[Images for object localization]
————

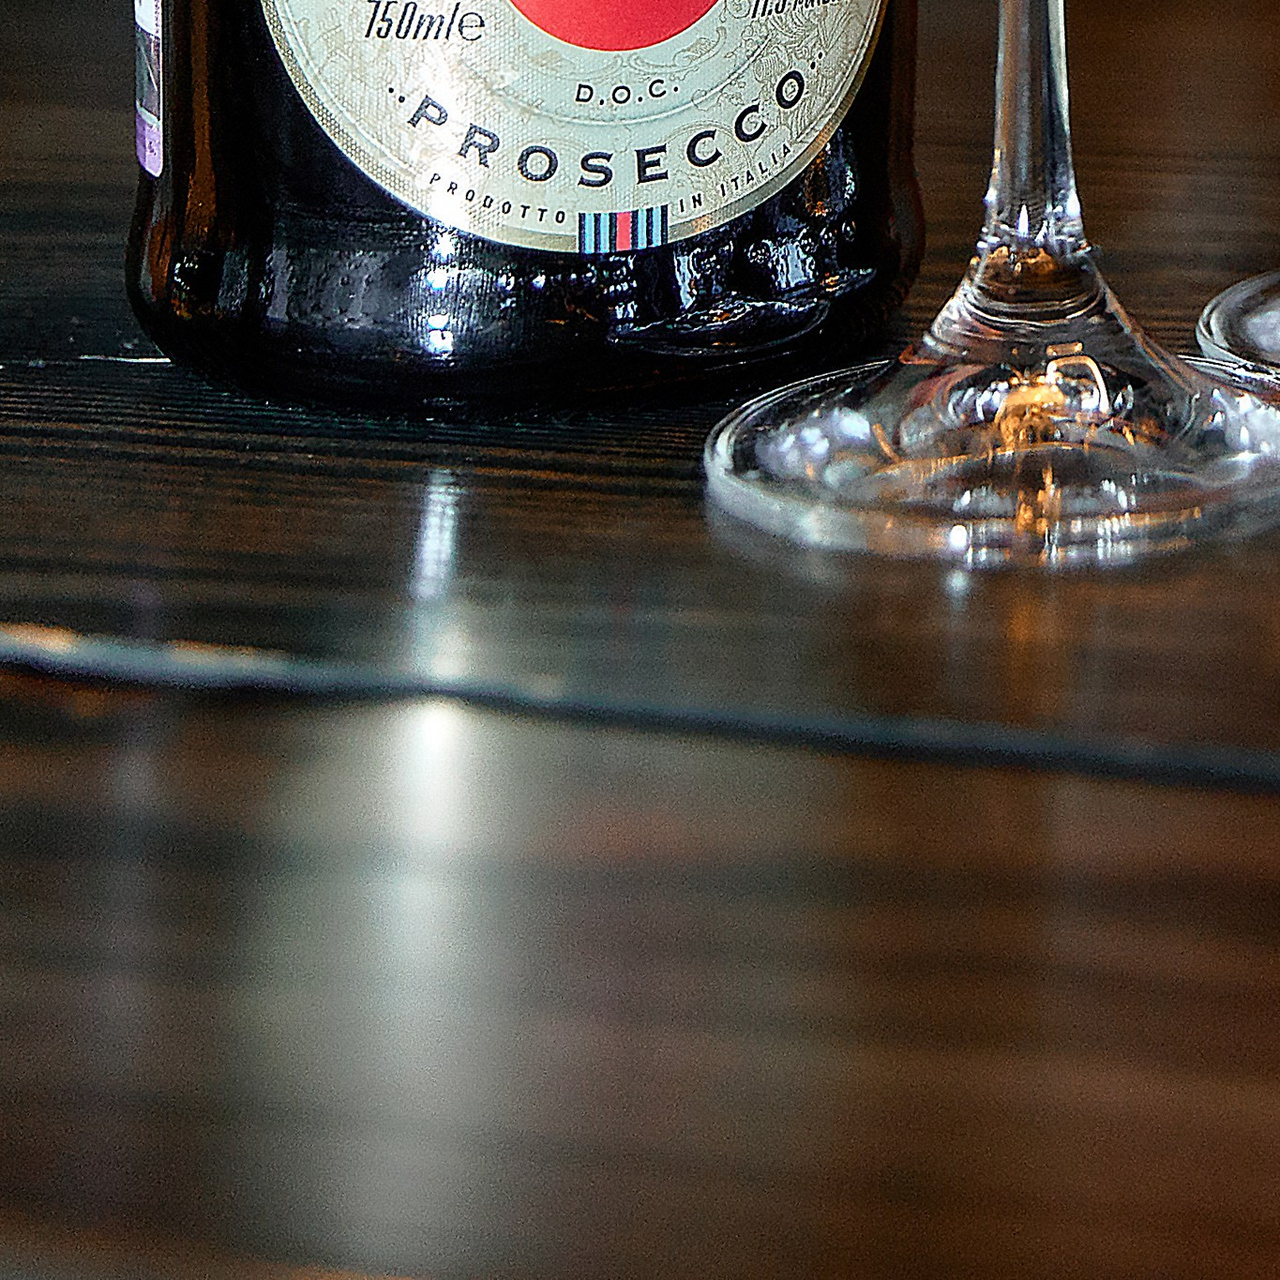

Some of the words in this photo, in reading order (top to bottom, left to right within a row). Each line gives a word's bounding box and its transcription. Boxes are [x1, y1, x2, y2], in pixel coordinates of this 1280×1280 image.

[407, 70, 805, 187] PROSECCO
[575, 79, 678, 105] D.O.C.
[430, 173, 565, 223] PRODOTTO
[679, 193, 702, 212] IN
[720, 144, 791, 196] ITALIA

————

Only an exact copy of the records, free of images, belongs in the answer.

◆ **Answer space**:
Some of the words in this photo, in reading order (top to bottom, left to right within a row). Each line gives a word's bounding box and its transcription. Boxes are [x1, y1, x2, y2], in pixel coordinates of this 1280×1280 image.

[407, 70, 805, 187] PROSECCO
[575, 79, 678, 105] D.O.C.
[430, 173, 565, 223] PRODOTTO
[679, 193, 702, 212] IN
[720, 144, 791, 196] ITALIA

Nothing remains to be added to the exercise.